Document Type

Article

Publication Title

Ohio Northern University Law Review

Publication Date

2003

ISSN

0094-534X

Page Number

497

Keywords

mental disorder, biological model of mental illness, test for insanity

Disciplines

Health Law and Policy | Law

Abstract

The law insists on maintaining mental disorder as a predicate for a wide array of legal provisions, in both the criminal justice system and the civil law. Among adults, only a person with a "mental disease or defect" can escape conviction for an intentional, unjustified crime on grounds of cognitive or volitional impairment.' Only people with "mental illness" or "mental disorder" may be subjected to indeterminate preventive commitment based on dangerousness.
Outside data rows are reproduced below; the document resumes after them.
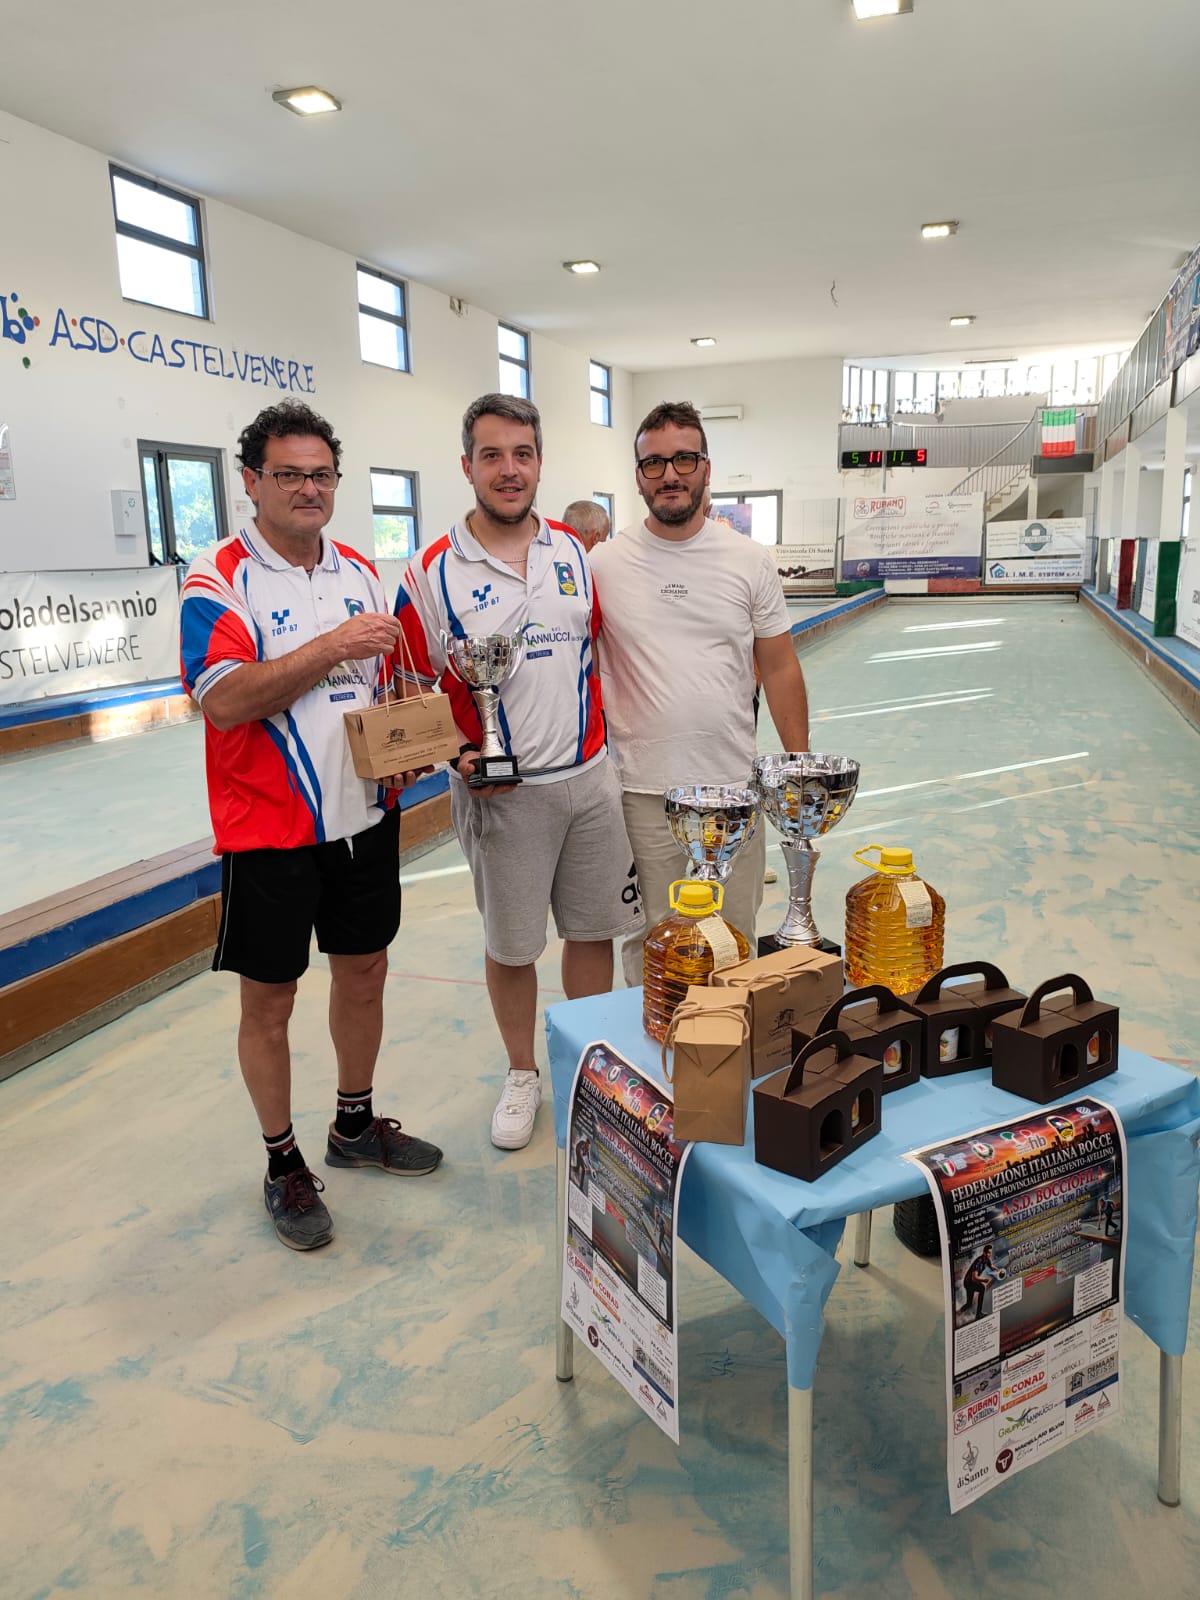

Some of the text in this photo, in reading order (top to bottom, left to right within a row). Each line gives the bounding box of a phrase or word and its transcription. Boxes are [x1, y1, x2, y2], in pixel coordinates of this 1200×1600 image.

[127, 330, 316, 393] CASTELVENERE
[917, 448, 926, 463] 5
[0, 590, 157, 631] oladelsannio
[474, 601, 489, 612] TOP
[272, 623, 298, 637] TOP 67
[0, 634, 143, 680] STELVENERE
[582, 1075, 621, 1119] FEDERAZIONE
[620, 1111, 651, 1146] ITALIANA
[651, 1138, 675, 1168] BOCCE
[951, 1132, 1113, 1203] FEDERAZIONE ITALIANA BOCCE
[954, 1189, 1000, 1213] DELEGAZIONE
[1000, 1173, 1041, 1196] PROVINCIALE
[1050, 1146, 1115, 1177] BENEVENTO-AVELLINO
[1003, 1193, 1034, 1215] A.S.D.
[1034, 1165, 1104, 1204] BOCCIOFILA
[1003, 1197, 1059, 1226] CASTELVENERE
[599, 1282, 619, 1310] CONAD
[1011, 1371, 1045, 1393] CONAD
[968, 1395, 998, 1422] RUBANO
Under the laws of many states, only people with a mental disorder are prevented from making decisions about treatment, criminal charges, wills, contracts, and a host of other important aspects of life. What is it about "mental illness" that merits such special legal treatment? Why are mentally ill people singled out by the law in so many different contexts? These questions can be answered only by first figuring out what the law is trying to accomplish in those areas in which it makes mental illness relevant. In undertaking this effort, this article focuses on those settings in which mental illness is a predicate for either avoiding or imposing a deprivation of liberty. It is in these situations, where the stakes are the highest, that precisely determining what the law means and should mean when it uses the term "mental illness" and like terminology is most important. The article starts, in Part I, with a description of how the behavioral sciences have defined mental disorder. The definitions are varied and expansive, leaving the law plenty of working room. Part 11 then looks at how the law treats the concept of mental illness. In general, the law's definitions of this phenomenon have been equally vague, and they are often nonresponsive to its own normative objectives...There are two overarching theses to this article. The first is that the choice as to how mental illness should be defined for legal purposes should be based on pragmatic as well as normative concerns since normative analysis leaves so many questions unanswered. A related thesis is that mental disorder is such a vacuous phrase that the law should consider dispensing with it as an independent criterion for intervention and instead simply identify as precisely as possible the types of mental dysfunction it wants to treat specially.